======== Listed entries
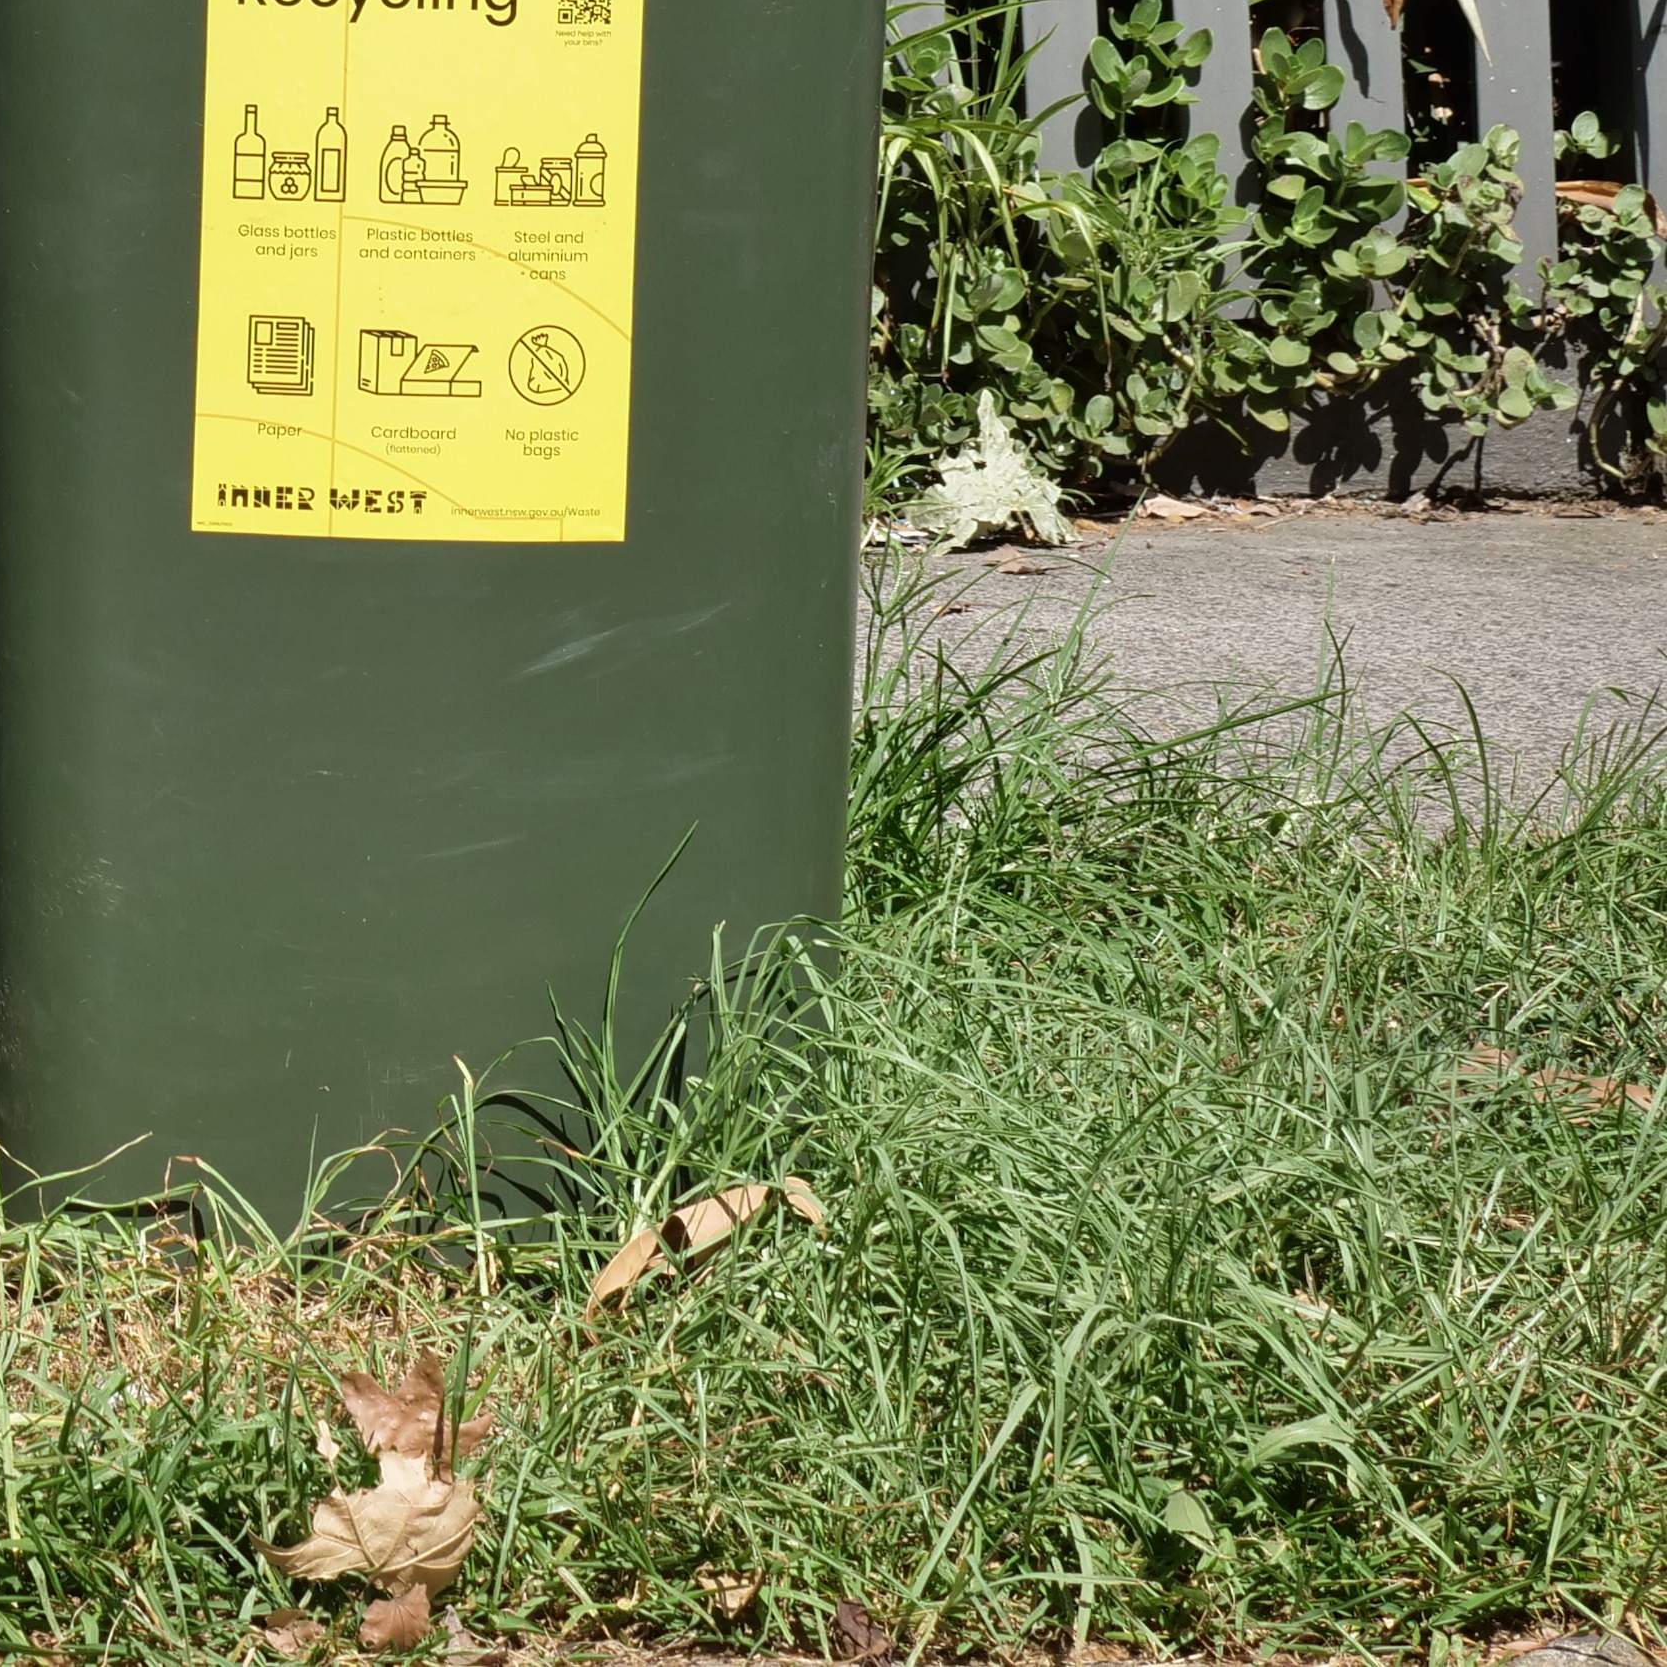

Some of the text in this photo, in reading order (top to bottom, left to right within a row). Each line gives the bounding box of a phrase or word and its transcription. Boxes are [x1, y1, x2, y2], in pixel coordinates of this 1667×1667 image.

[577, 31, 594, 39] help
[238, 224, 336, 240] Glass bottles
[367, 228, 473, 244] Plastic bottles
[514, 230, 583, 244] Steel and
[255, 243, 317, 260] and jars
[359, 246, 476, 261] and containers
[508, 248, 588, 263] aluminium
[530, 269, 566, 281] cans
[258, 423, 302, 439] Paper
[371, 426, 456, 441] Cardboard
[505, 428, 579, 445] No plastic
[386, 443, 441, 456] (flattened)
[523, 443, 561, 459] bags
[218, 483, 427, 515] INNER WEST
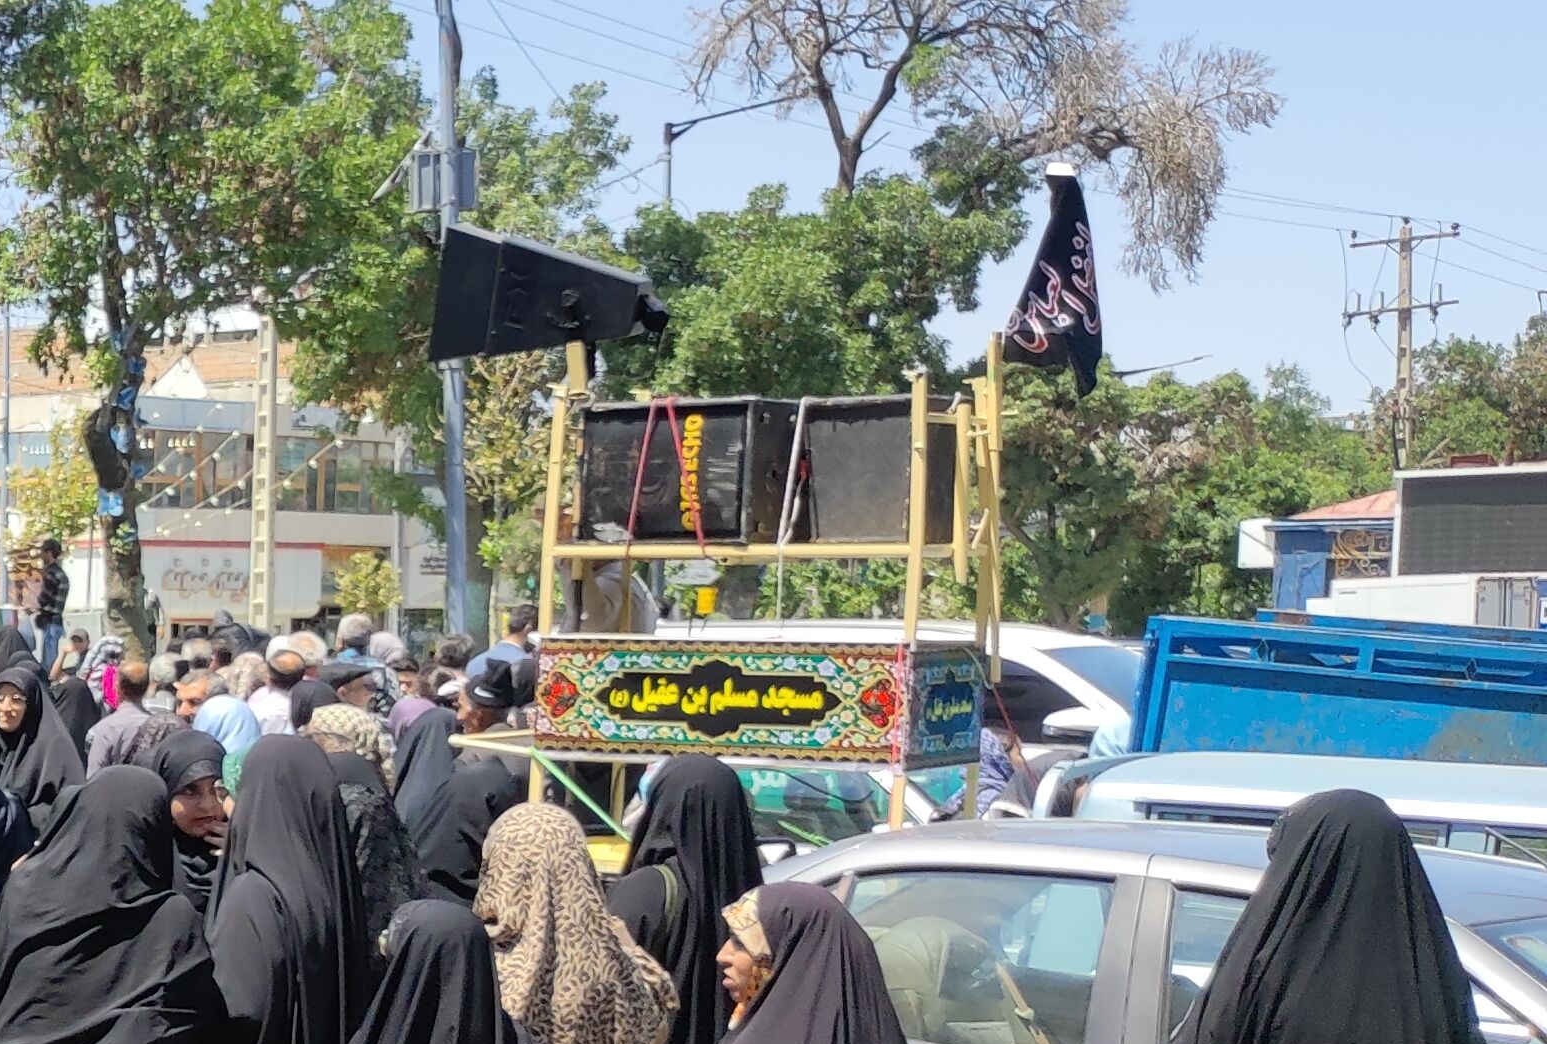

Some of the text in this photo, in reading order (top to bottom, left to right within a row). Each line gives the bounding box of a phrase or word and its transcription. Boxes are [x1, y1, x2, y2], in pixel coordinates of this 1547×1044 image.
================
### What is expected
The entries above are to be repeated in full, except for their pictures.

### Response to this exercise
Some of the text in this photo, in reading order (top to bottom, left to right within a row). Each line gives the bounding box of a phrase or word and its transcription. Boxes are [x1, y1, x2, y2], in pixel coordinates of this 1667×1667 image.

[577, 31, 594, 39] help
[238, 224, 336, 240] Glass bottles
[367, 228, 473, 244] Plastic bottles
[514, 230, 583, 244] Steel and
[255, 243, 317, 260] and jars
[359, 246, 476, 261] and containers
[508, 248, 588, 263] aluminium
[530, 269, 566, 281] cans
[258, 423, 302, 439] Paper
[371, 426, 456, 441] Cardboard
[505, 428, 579, 445] No plastic
[386, 443, 441, 456] (flattened)
[523, 443, 561, 459] bags
[218, 483, 427, 515] INNER WEST

Some of the text in this photo, in reading order (top to bottom, left to right within a row). Each line gives the bounding box of a phrase or word and its transcription. Boxes are [x1, y1, x2, y2], in pixel coordinates of this 1547×1044 image.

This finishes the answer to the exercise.